You are viewing a plain text version of this content. The canonical link for it is here.
Posted to user@pig.apache.org by Alejandra García Rojas Martínez <al...@gmail.com> on 2012/03/16 11:01:22 UTC
Python to BoundScript encoding question
Hello, I am having some problems with encoding at the moment of binding
python script and pig script.

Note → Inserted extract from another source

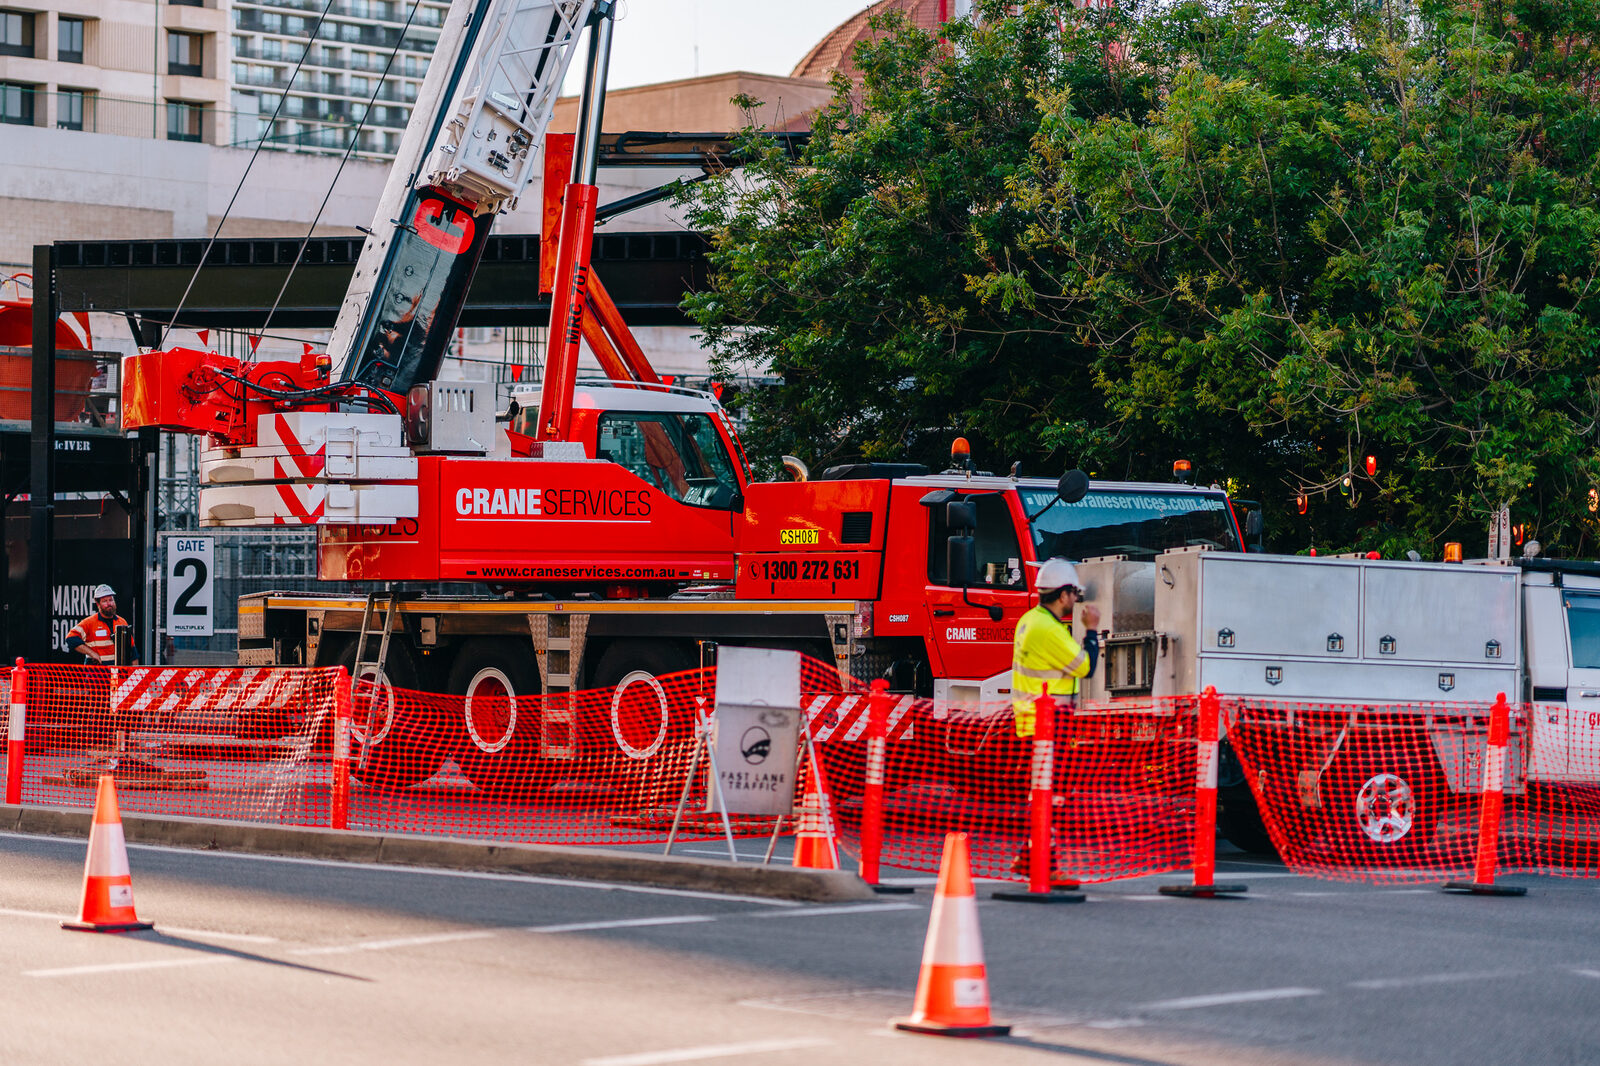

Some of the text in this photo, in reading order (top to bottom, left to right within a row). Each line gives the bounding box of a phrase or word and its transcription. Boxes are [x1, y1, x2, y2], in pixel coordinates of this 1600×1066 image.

I have the text "Catégorie" as a parameter
for a pig script, and when binding with the pig script, it doesn't use the
right encoding, and produces "Catgorie".
This is my python script:
# -*- coding: UTF-8 -*-
Prefix = "Catégorie"
params = { prefix":Prefix, "output":"workspace/fr_30" }
P1 = Pig.compileFromFile("topic-corpus/test.pig")
bound1 = P1.bind(params)
stats1 = bound1.run()
And the pig script:
items = LOAD '$output/items.tsv' AS (id: chararray, count: long);
update_items = FOREACH items GENERATE
id, REPLACE(id, '$prefix:', '') AS candidate_id;
When I run the script the binding generates this code to run:
2012-03-16 10:54:18,001 [main] INFO org.apache.pig.scripting.BoundScript -
Query to run:
items = LOAD 'workspace/fr_30/items.tsv' AS (id: chararray, count: long,
childen:long, parents:long);items_replace = FOREACH items GENERATE id,
REPLACE(id, 'Cat̩gorie:', '') AS candidateId;STORE items_replace INTO
'workspace/fr_30/replaced__items.tsv';
so the prefix Cat̩gorie is not well decoded... and results not replaced...
What I am missing?
Thanks!